Au cours des quatre dernières années, le pays a connu plus d’une douzaine de processus électoraux. Cependant, rien n’a changé pour le mieux dans la vie de la majorité de la population. Depuis l’accord de paix du 15 novembre 2019, qui a ouvert le premier processus constituant, il y a eu un grand pacte entre tous les principaux partis politiques (y compris le parti communiste, qui n’a pas signé l’accord, mais l’a reconnu par la suite) pour canaliser le mécontentement social vers la démocratie bourgeoise et faire sortir de la rue les millions de personnes qui manifestaient. Le parti républicain est resté en dehors de cet accord, car il a toujours soutenu que le processus révolutionnaire ouvert en 2019 aurait dû être écrasé avec encore plus de violence.

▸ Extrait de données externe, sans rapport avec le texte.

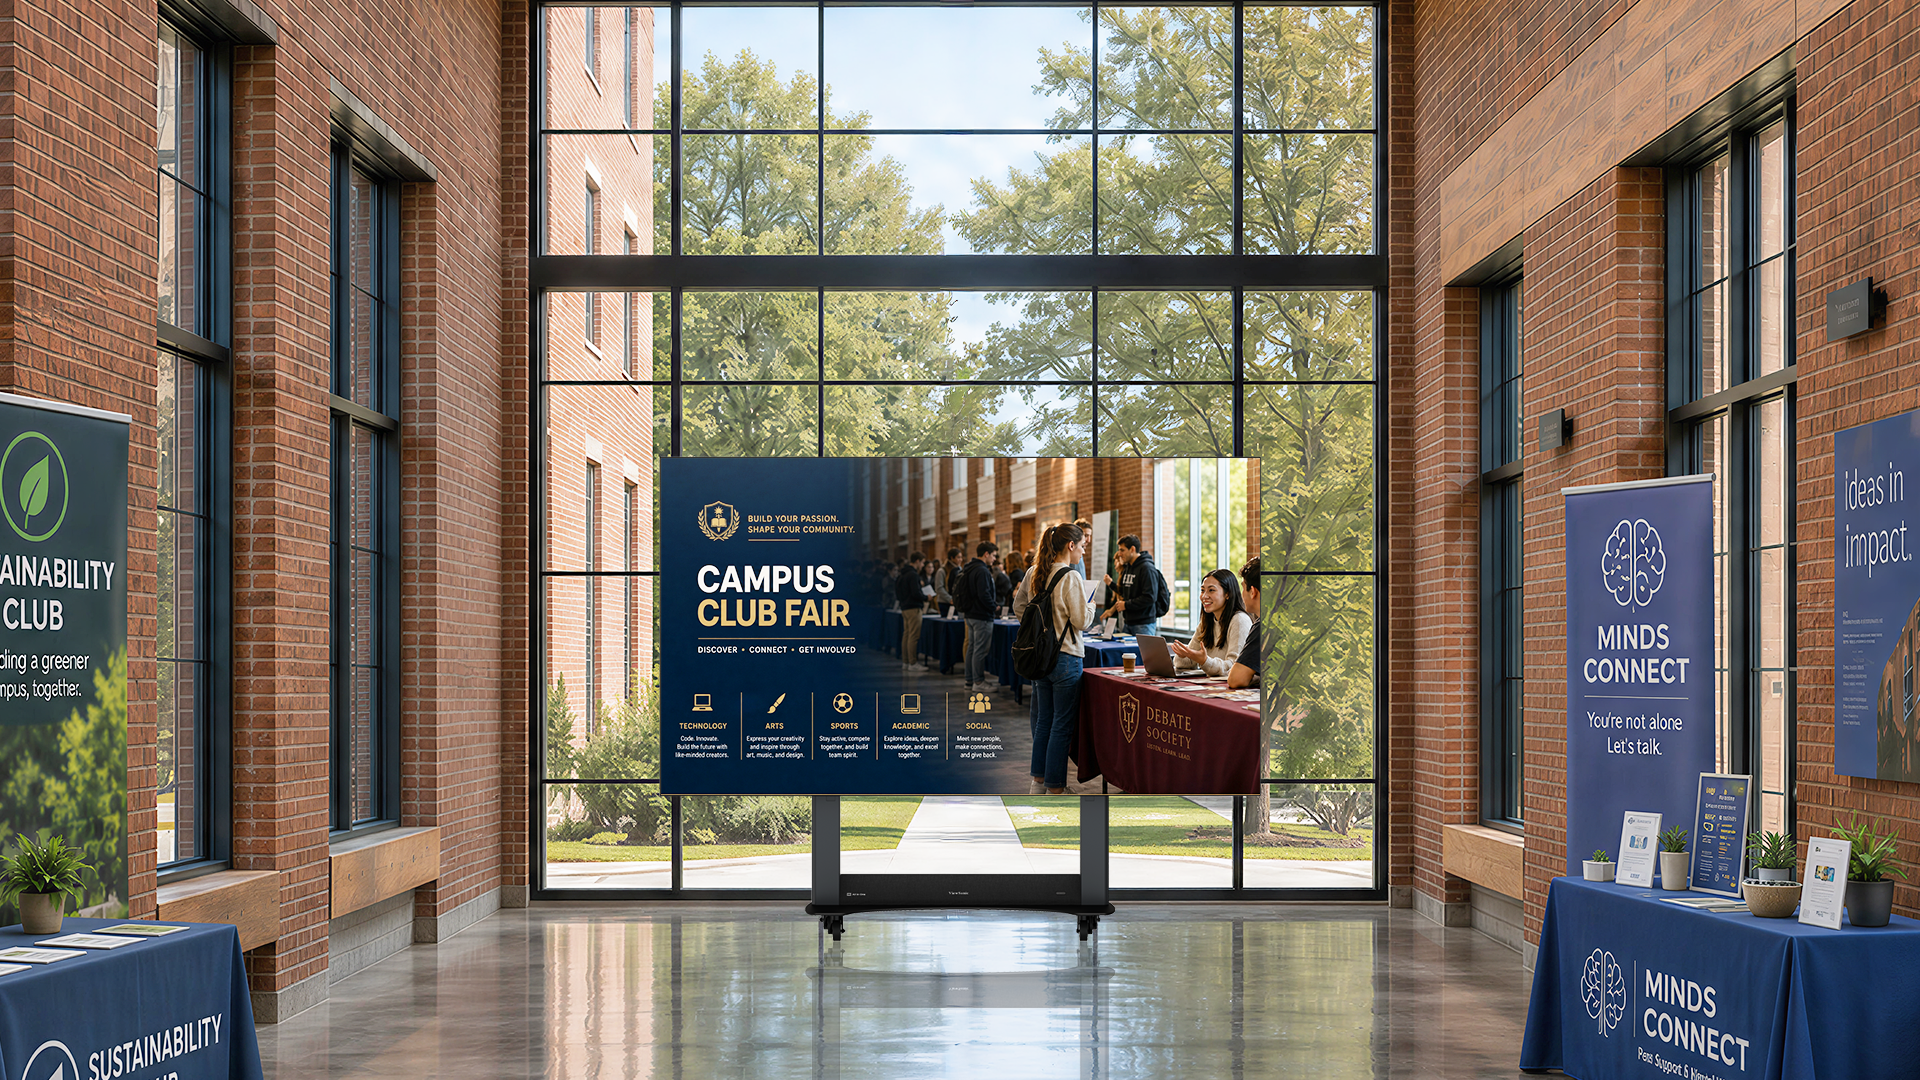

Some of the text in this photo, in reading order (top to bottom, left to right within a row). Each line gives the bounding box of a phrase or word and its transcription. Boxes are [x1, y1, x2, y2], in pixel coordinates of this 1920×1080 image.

La stratégie consistant à canaliser le mécontentement social vers les institutions bourgeoises (élections, Parlement, Constituante) a jusqu’à présent été couronnée de succès. Le peuple a été démobilisé et le capitalisme néolibéral sauvage du Chili est resté intact. Ceux qui proposaient des réformes, comme le Frente Amplio et le PC, dirigent aujourd’hui le pays pour les grands capitalistes. Ils ont été complètement domestiqués par les propriétaires du pays. Dans ce contexte, la grande bourgeoisie et son secteur le plus réactionnaire commencent déjà à se rendre compte qu’ils n’ont plus besoin de faire des concessions au peuple, ni aux secteurs qui se disent réformistes, comme le FA et le PC. L’extrême droite et la droite ont réussi à capitaliser une partie importante du mécontentement social et entendent écraser une fois pour toutes les possibilités de changement et de mobilisation populaire. D’autre part, le grand nombre de votes nuls montre que le régime politique manque toujours de légitimité pour une grande partie de la population et que le mécontentement social est toujours vivant. C’est dans ce cadre général que nous voulons situer cette évaluation.

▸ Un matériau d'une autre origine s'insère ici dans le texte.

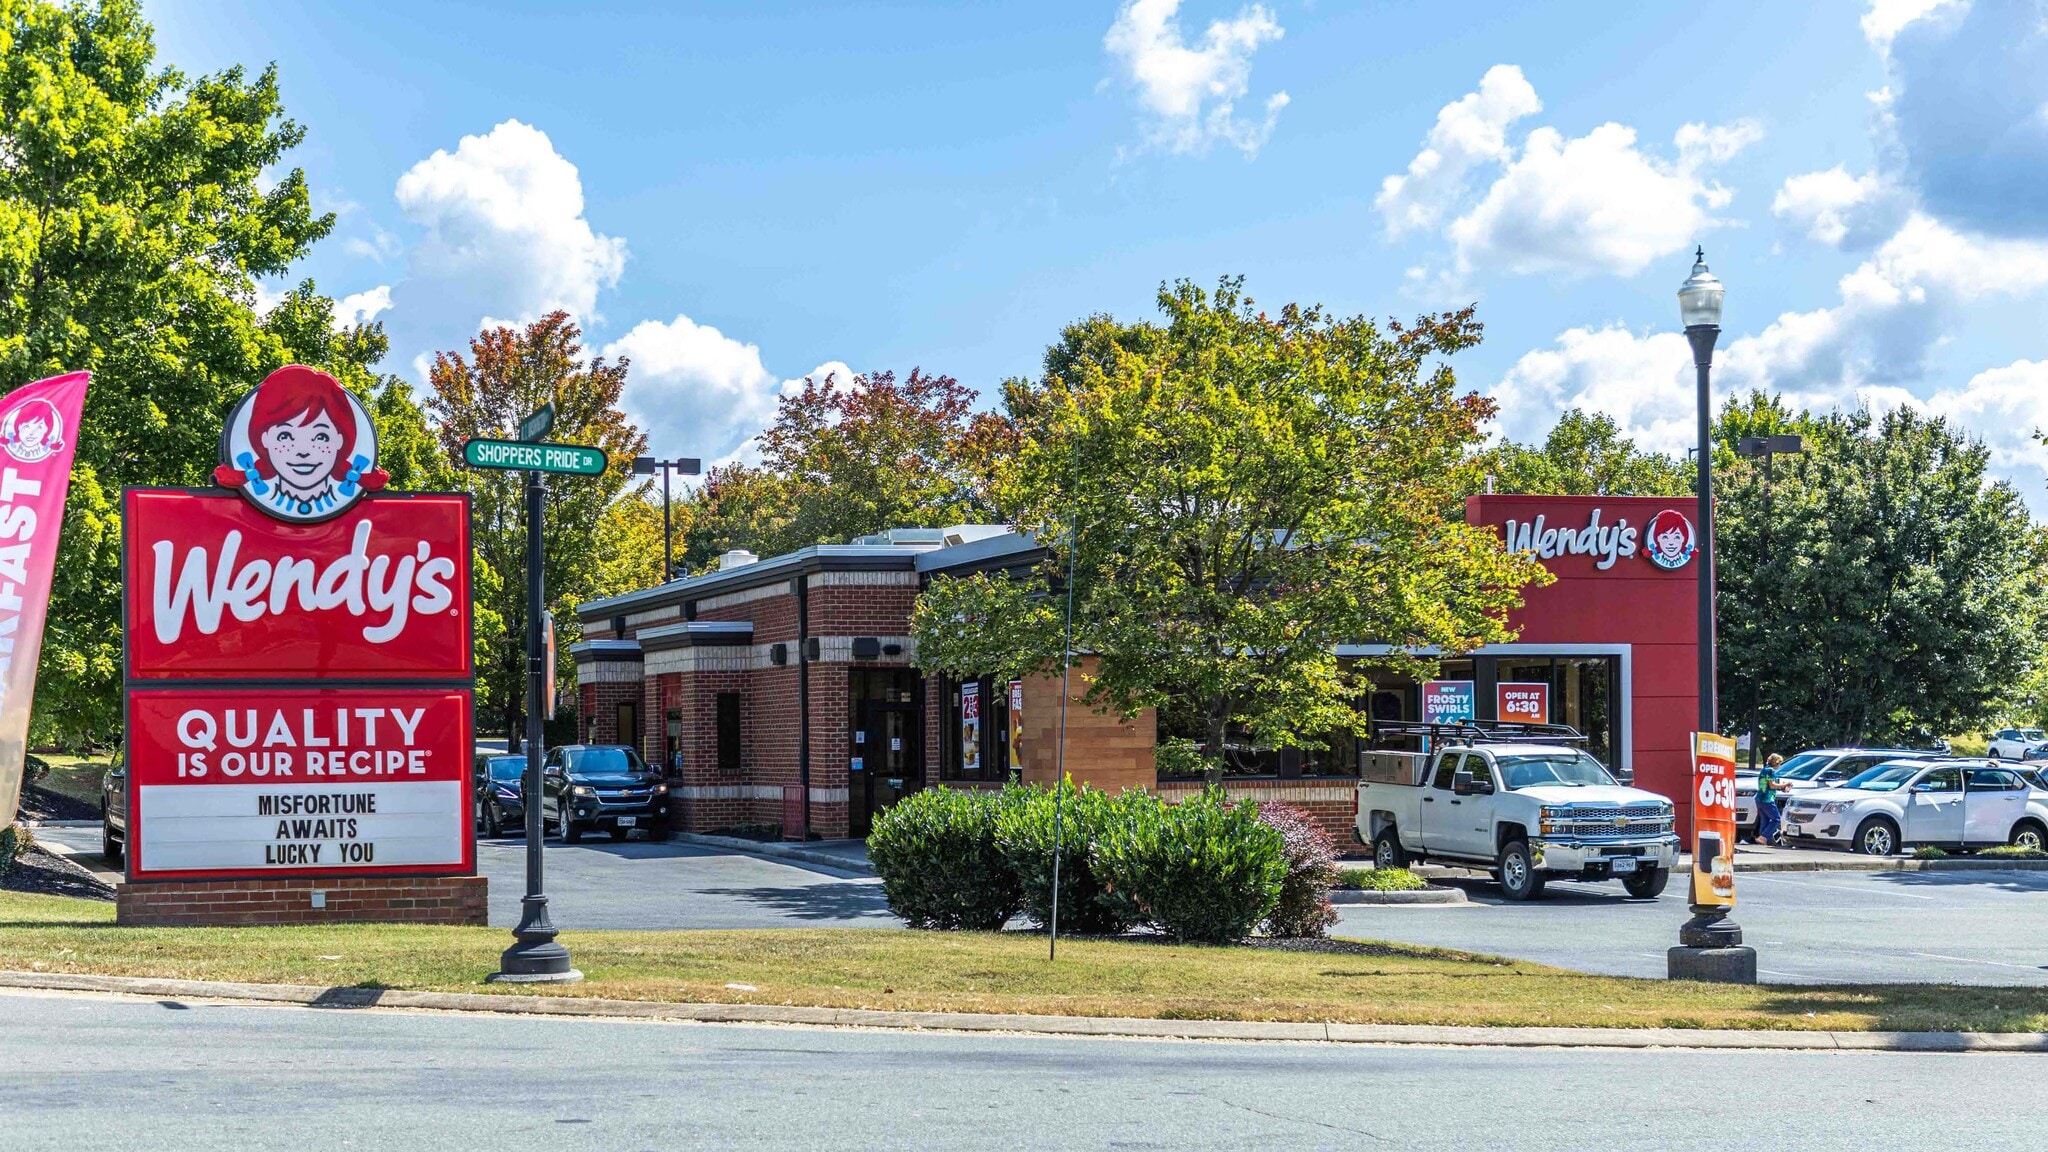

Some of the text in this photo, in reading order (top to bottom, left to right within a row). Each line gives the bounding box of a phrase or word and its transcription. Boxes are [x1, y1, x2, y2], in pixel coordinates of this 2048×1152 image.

[477, 444, 593, 469] SHOPPERS PRIDE DR
[1506, 508, 1637, 570] Wendy's
[152, 519, 455, 644] Wendy's
[1427, 694, 1469, 704] FROSTY
[1505, 692, 1540, 700] OPEN AT
[1506, 700, 1539, 713] 6:30
[1427, 704, 1470, 714] SWIRLS
[177, 708, 426, 752] QUALITY
[178, 752, 208, 778] IS
[220, 752, 293, 777] OUR
[1699, 763, 1718, 774] OPEN
[1699, 775, 1735, 810] 6:30
[258, 793, 376, 815] MISFORTUNE
[276, 818, 357, 839] AWAITS
[266, 842, 374, 865] LUCKY YOU

Des élections complètement contrôlées par les grands hommes d’affaires et leurs partis

Tout d’abord, il faut savoir que les élections des conseillers constitutionnels ont été totalement contrôlées par les grands hommes d’affaires, qui financent la politique, et par les partis du régime. Le soi-disant « Accord pour le Chili » a exclu la possibilité pour les candidats indépendants et même pour les nouveaux partis de s’enregistrer plusieurs mois avant le processus électoral. Par conséquent, seuls les partis enregistrés ont pu participer. Le deuxième élément fondamental est le financement des campagnes électorales. Comme toujours, il existe une grande inégalité dans les dépenses des candidats, les grands hommes d’affaires investissant des rivières d’argent dans les différentes candidatures des différents partis. Un exemple : la famille Hurtado Vicuña, issue de la haute bourgeoisie chilienne, a financé à la fois l’UDI (qui a reçu plus de 35 millions de pesos), le RN 14 millions et les Républicains. En ce qui concerne les candidatures individuelles, ceux qui ont reçu le plus d’argent de cette famille sont Daniela Castro du RN et Luis Silva des Républicains (élus). La famille Von Appen, issue de la bourgeoisie portuaire, a également apporté d’importantes contributions, dont le principal bénéficiaire a été le Parti républicain avec 26,5 millions de pesos, tout en finançant l’UDI, le RN et Evópoli.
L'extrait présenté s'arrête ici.